Activity:
Could you copy out all of the records below exactly, leaving out every picture?

Images for object localization:
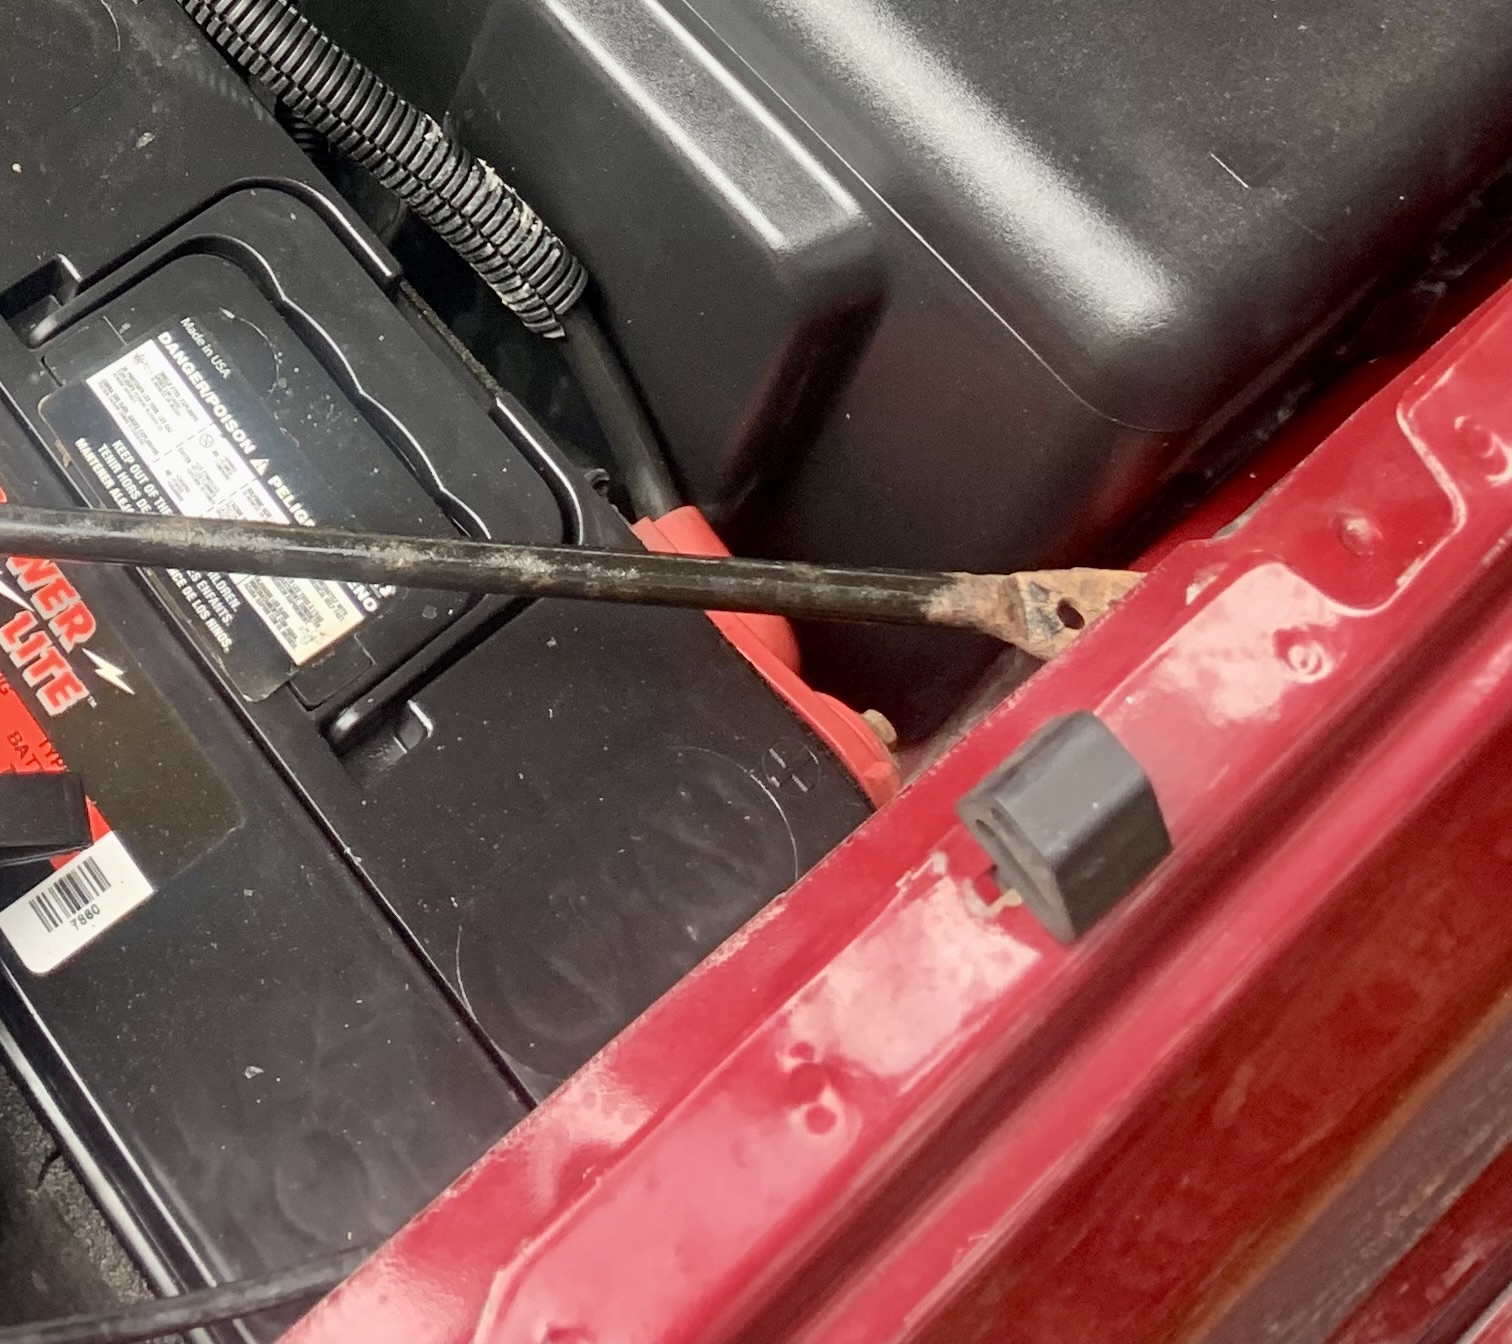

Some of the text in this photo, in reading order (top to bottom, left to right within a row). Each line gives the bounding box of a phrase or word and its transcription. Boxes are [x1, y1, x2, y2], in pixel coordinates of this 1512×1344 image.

[178, 315, 233, 380] Made in USA
[95, 442, 124, 474] TENIR
[114, 469, 143, 501] HORS
[134, 496, 152, 514] DE
[110, 438, 136, 467] KEEP
[127, 462, 150, 486] OUT
[142, 481, 159, 499] OF
[157, 330, 256, 454] DANGER/POISON
[347, 580, 378, 613] ENO
[72, 436, 117, 489] MANTENER
[180, 584, 198, 603] DE
[190, 597, 212, 621] LOS

Output for this exercise:
Some of the text in this photo, in reading order (top to bottom, left to right within a row). Each line gives the bounding box of a phrase or word and its transcription. Boxes are [x1, y1, x2, y2], in pixel coordinates of this 1512×1344 image.

[178, 315, 233, 380] Made in USA
[95, 442, 124, 474] TENIR
[114, 469, 143, 501] HORS
[134, 496, 152, 514] DE
[110, 438, 136, 467] KEEP
[127, 462, 150, 486] OUT
[142, 481, 159, 499] OF
[157, 330, 256, 454] DANGER/POISON
[347, 580, 378, 613] ENO
[72, 436, 117, 489] MANTENER
[180, 584, 198, 603] DE
[190, 597, 212, 621] LOS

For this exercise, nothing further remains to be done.